As the Congress debates health care reform in Washington, New Year's offers us an opportunity to do some personal health care reform of our own. But instead of making individual resolutions which are often times quickly forgotten, New Year's is a good time to take personal inventory of our lives, says Temple University psychologist Frank Farley.
"In so many fields we take stock, we take inventory, we take a pulse at the end of the year," says Farley, a professor at Temple. "Sports commentators are going to be reviewing the year in sports and pundits will be doing the same for politics. Even businesses do an end of the year inventory and balancing of the books.
Advertisement"But we are not so good at doing that about ourselves, reflecting and assessing how we've done this past year," he says.
Historically, says Farley, the end of the calendar year has enormous impact on us as we construct our lives to a very large extent around the calendar, with December 31 being a very important date.
"I don't think it is trivial this time of year to take psychological stock or personal stock of ourselves, and try to decide, 'Ok, I'm going to work on this, I'm going to do that,'" he says. "The taking stock, whether you make resolutions or not, is very helpful at the end of the year and the end of the decade as we are now.
"And we might need to know where we stand this particular January 1, because we are in the midst of a 'perfect storm' of stress and challenges in this country, with a highly unpredictable economy, with unemployment at the highest levels in decades, with two ongoing wars, and with a relatively new administration in Washington," Farley adds. "These developments have a common thread, uncertainty.
"What will 2010 bring; how shall we proceed as a nation, and individually, in the face of all this?" he says. "Planning and knowledge are important antidotes to uncertainty and the fear that uncertainty can bring. Setting goals and personal strategies for your entry into the New Year can help reduce the uncertainty and thus the fear."
Farley, a past president of the American Psychological Association, suggests making a list of things that are absolutely essential that you have to deal with in the coming year. "We do that in a sense everyday; lots of people keep 'to do' lists in one way of another, but this one should be more reflective and it often isn't."
In addition, making a list will give you more focus and direction in how you can concentrate on those items that you wish to deal with, he says.
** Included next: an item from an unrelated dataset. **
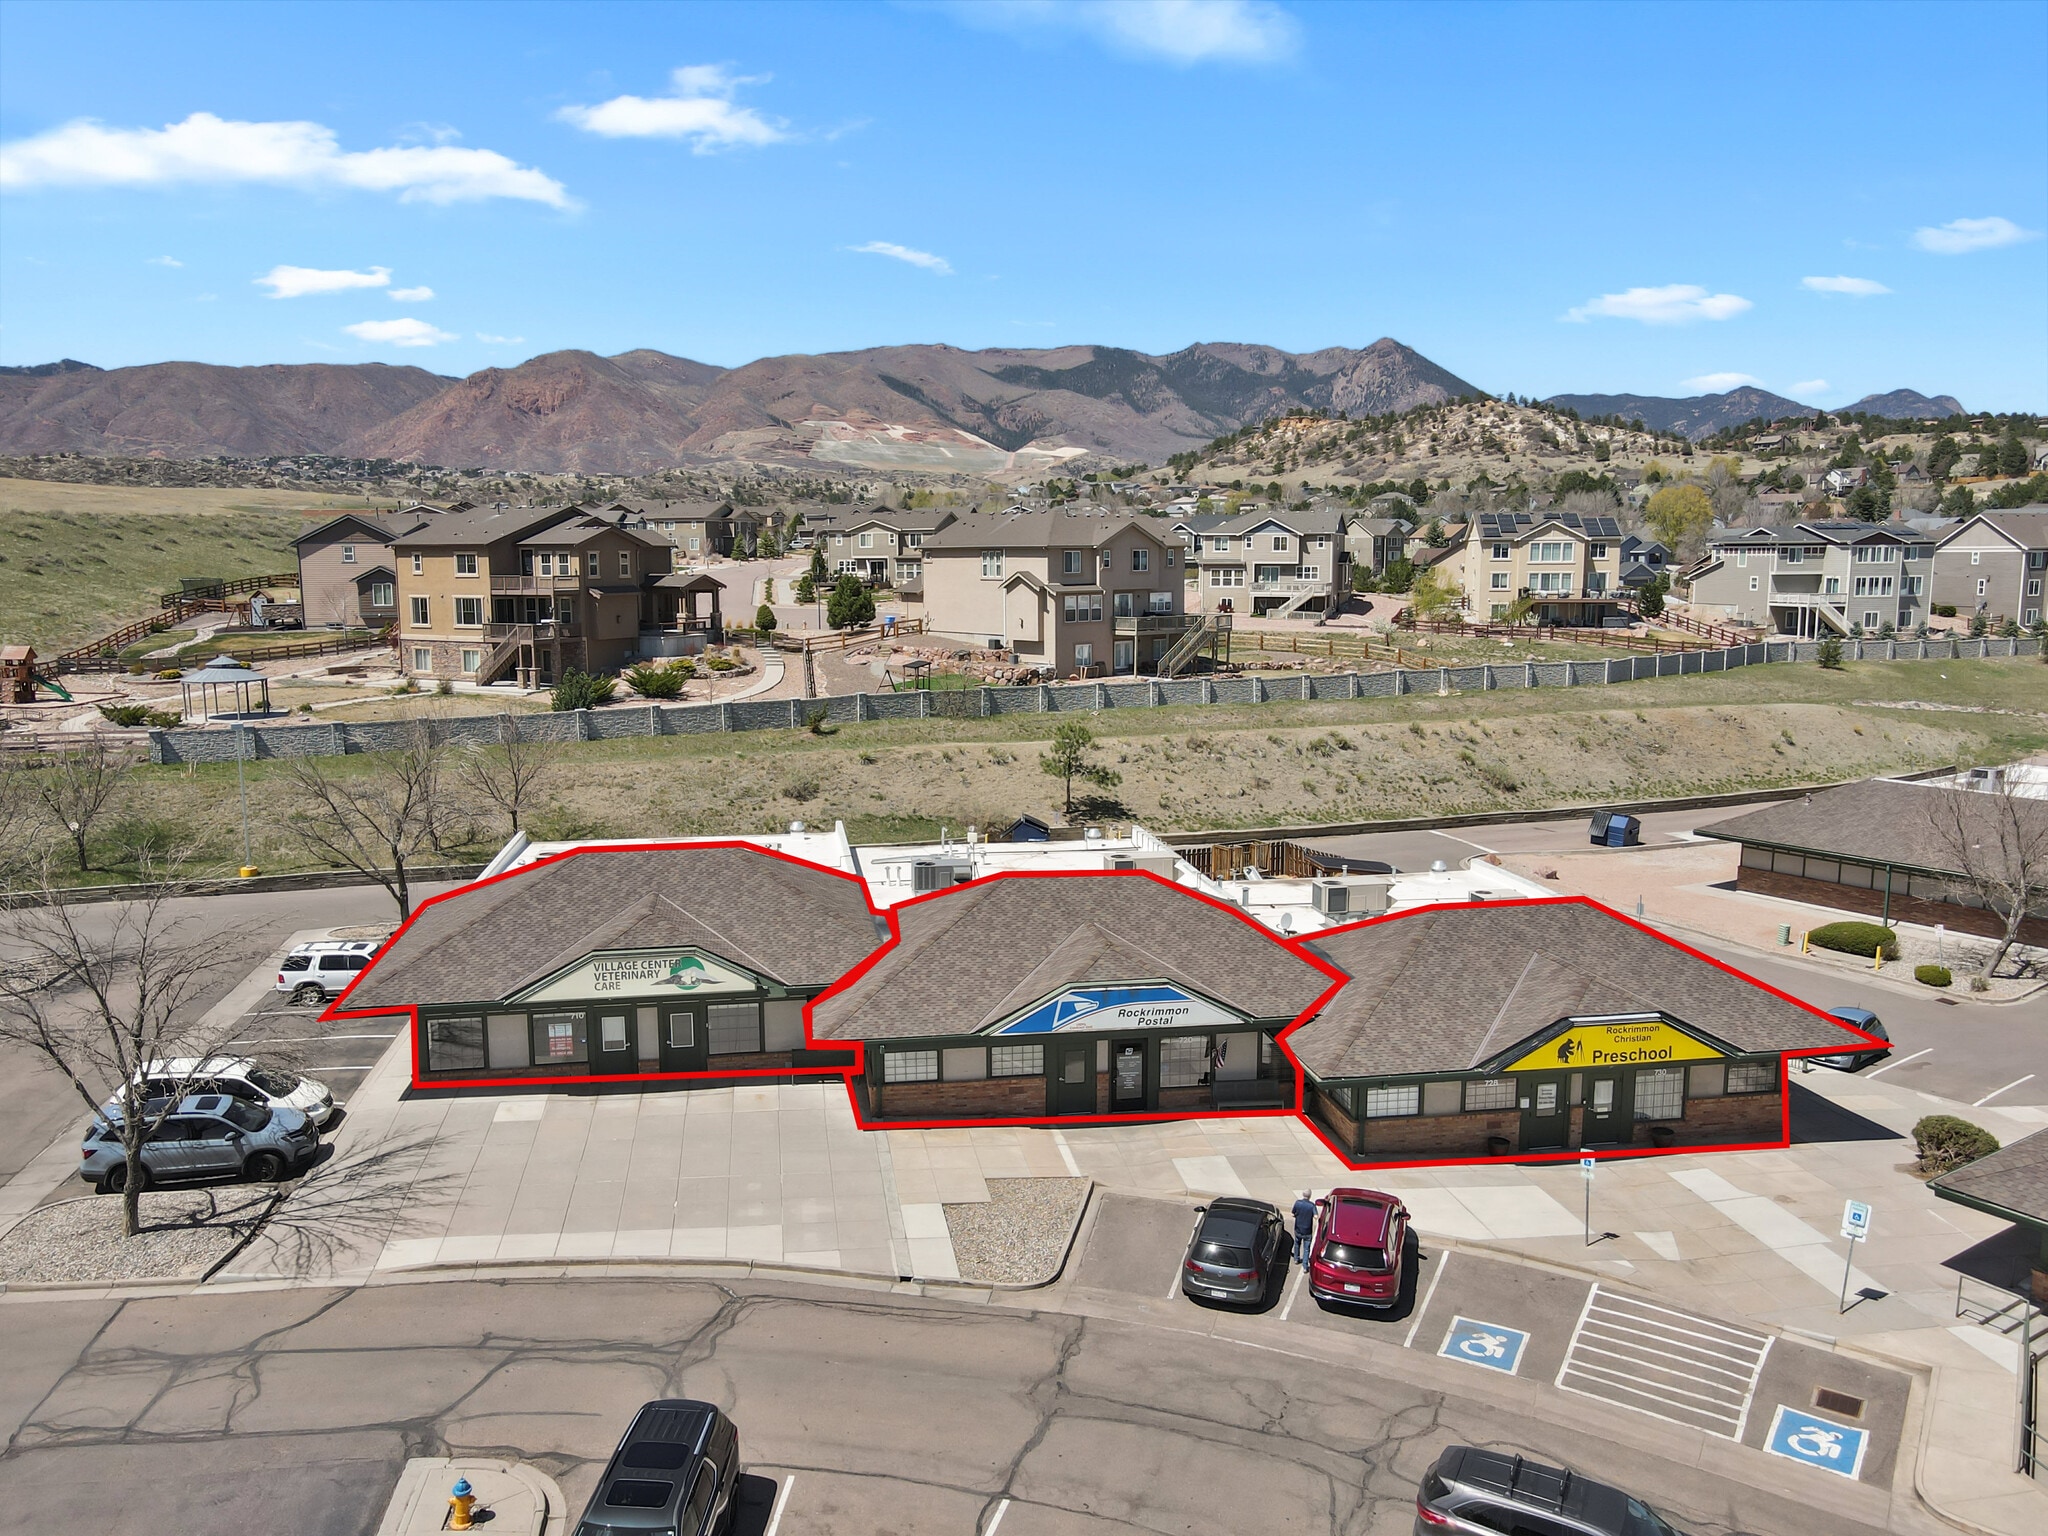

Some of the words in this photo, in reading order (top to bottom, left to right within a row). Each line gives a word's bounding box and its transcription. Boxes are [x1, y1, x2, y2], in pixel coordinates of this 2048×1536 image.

Once you have made your list of things "to do" or resolutions, Farley recommends sharing them with family or friends as a sort of support system for seeing your resolutions through.
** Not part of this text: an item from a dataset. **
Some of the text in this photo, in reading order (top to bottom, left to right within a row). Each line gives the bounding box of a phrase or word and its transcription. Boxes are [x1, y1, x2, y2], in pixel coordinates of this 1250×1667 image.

"There is often a flip, glib or impulsive quality to some of the resolutions we come up with at New Year's and they are often going nowhere," he points out. "But having family, friends or professionals help with your resolutions is going to have more impact than just a personal resolution that you keep to yourself or mention in passing."
Farley says that New Year's also offers a good opportunity to forgive, whether it is forgiving a grudge or an argument, and start a fresh relationship with that person. "There are some studies that show that things like one's anxiety and stress almost melt away when you forgive someone for something," he says. "Getting rid of some stress and anxiety for 2010 is a healthy plan. Let's create some of our own personal health care reform.
"To me, New Year's can be turned into something profound," adds Farley. "It represents a benchmark in the history of the world and it should be a benchmark in an individual's personal history.
"It is a time to reflect on where we've been and where we're going next," he says. "Our journey is not random. You can influence that journey and this is a good time to do it."